He goes on Sunday to the church,
And sits among his boys;

He hears the parson pray and preach,
He hears his daughter's voice

Singing in the village choir,

And it makes his heart rejoice.

LONGFELLOW.

THE streets and avenues of Washington, on the Sabbath morning, appeared as quiet, orderly, and peaceful, as in most other American cities, not excepting even Boston, which is noted through all the States for its strict observance of that holy day. Divine service is performed in the morning before the House of Congress, by its own chaplain. The fashionable church of the city, however, is an Episcopalian place of worship, of Gothic architecture, in one of the streets crossing Pennsylvania Avenue. I went there on Sunday, and found it uncomfortably filled with a very numerous congregation, the élite of Washington, including besides residents, many strangers from all parts, also some richly dressed Creoles, whose bronze but beautifully regular countenances, formed a strong contrast to the pink complexions of their fair, white sisters. I also on the same day visited the sabbath schools attached to the church, and received a kind welcome from the superintendent, who saw that I was a stranger. There were about 200 children of both sexes and all ages, from five

up to sixteen, many of whom were handsomely dressed, as if belonging to the influential and wealthy citizens of the Capitol; nor could I help remarking how cheerful and animated were the faces of the dear children, as if they welcomed the day that brought them instruction in the truths of God. The young teachers in both schools exercised a mild, but thorough control over their pupils, and I noticed that they all took great pains to make the gospels they were reading thoroughly intelligible even by the youngest of the scholars. In short, Sabbath schools, whether in England or America, have been productive of the very best results, by planting the rudiments of religion in the minds and hearts of the young; and which, like the seed cast on the waters, is destined to produce fruit after many days, when childhood has advanced to maturity and old age, a happy serenity and peace of mind—an earnest of that perfect joy, which awaits the true believer in the realms of eternity.

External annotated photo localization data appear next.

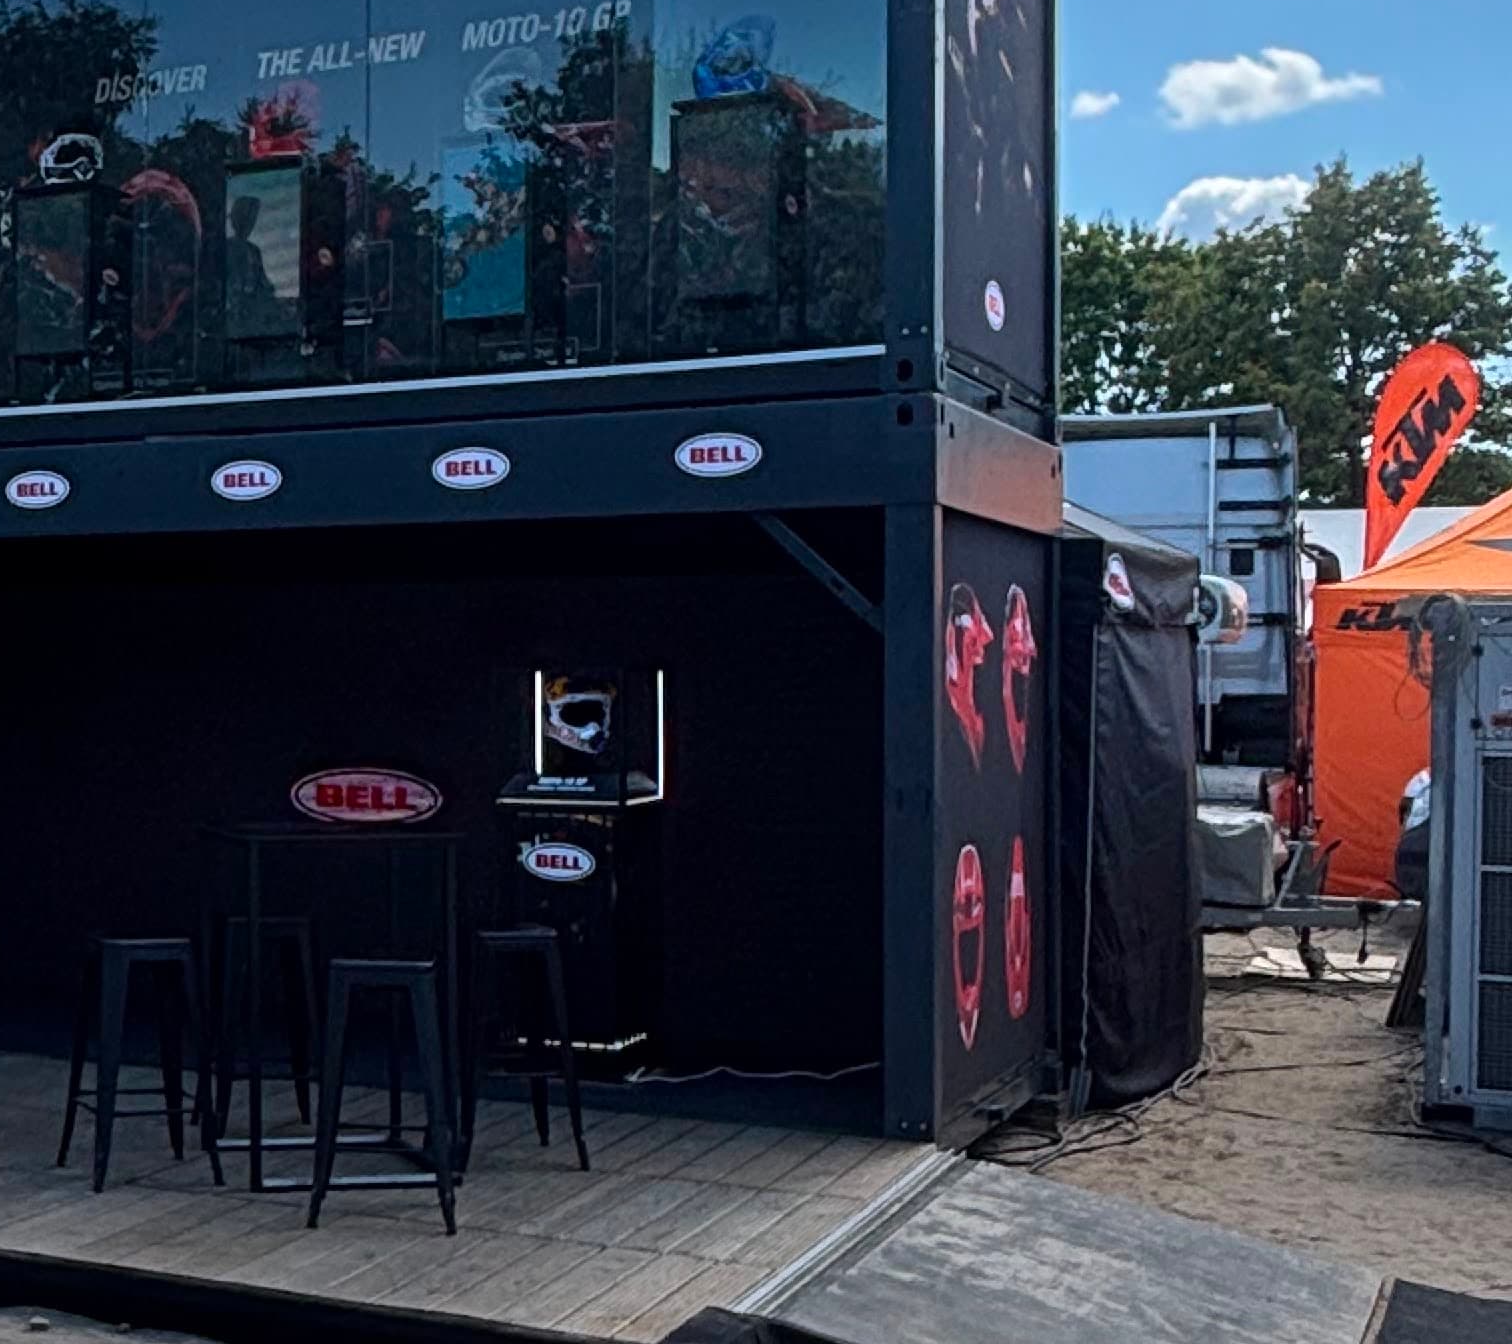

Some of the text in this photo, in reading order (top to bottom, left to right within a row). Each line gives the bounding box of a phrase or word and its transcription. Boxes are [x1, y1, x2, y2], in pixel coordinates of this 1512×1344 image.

[94, 64, 208, 104] DISCOVER
[257, 48, 304, 79] THE
[306, 30, 426, 74] ALL-NEW
[462, 6, 587, 52] MOTO-10
[1378, 373, 1467, 507] KTM
[690, 446, 748, 465] BELL
[445, 458, 497, 478] BELL
[223, 471, 271, 488] BELL
[16, 482, 59, 498] BELL
[315, 784, 417, 811] BELL
[535, 854, 584, 871] BELL

VII. A VISIT TO MOUNT VERNON.

A STEAMBOAT, starting twice a week, conveys passengers to Mount Vernon; and as I was anxious to view the house and tomb of the immortal Washington, I pro ceeded to the pier on the Potomac, to await the departure of the boat to his late residence, which is situated on

the river-bank at the Virginian side, about fifteen miles below the City of Washington. It was a lovely May morning, warm for the season, and the banks of the calmly flowing Potomac looked bright and beautiful, both on the Virginian and Maryland shores-while the hills in the background, on either side, seemed with their dark forests, to set off the light green trees and shrubberies nearer the river. I had been for some time admiring this graceful scenery, and wrapt in contemplation on the won-. derful country to which it belonged, when I was suddenly seized with a fit of sneezing, caused by the dust issuing from a sack or two of flour that a six-foot negro had deposited on the pier from a steamer just arrived. I, of course, pretty quickly changed my quarters; but the sight of this and other coloured men reminded me at once that I was in a district of slaves, and, methought, could that one plague-spot be erased from all parts of the Union, what a model of national greatness would be offered to the world by the United States of America. I am not now going to tire the reader's patience with a dissertation on the hackneyed question of slavery; but I may just observe, from what I saw in the two Slave States that I visited-namely, Maryland and Virginia, that the negroes are more kindly and considerately treated than they are by the accounts of brutal masters and overseers of the rice and cotton growing States further South,—nor will it be long, ere the planters in the two above States emancipate their slaves.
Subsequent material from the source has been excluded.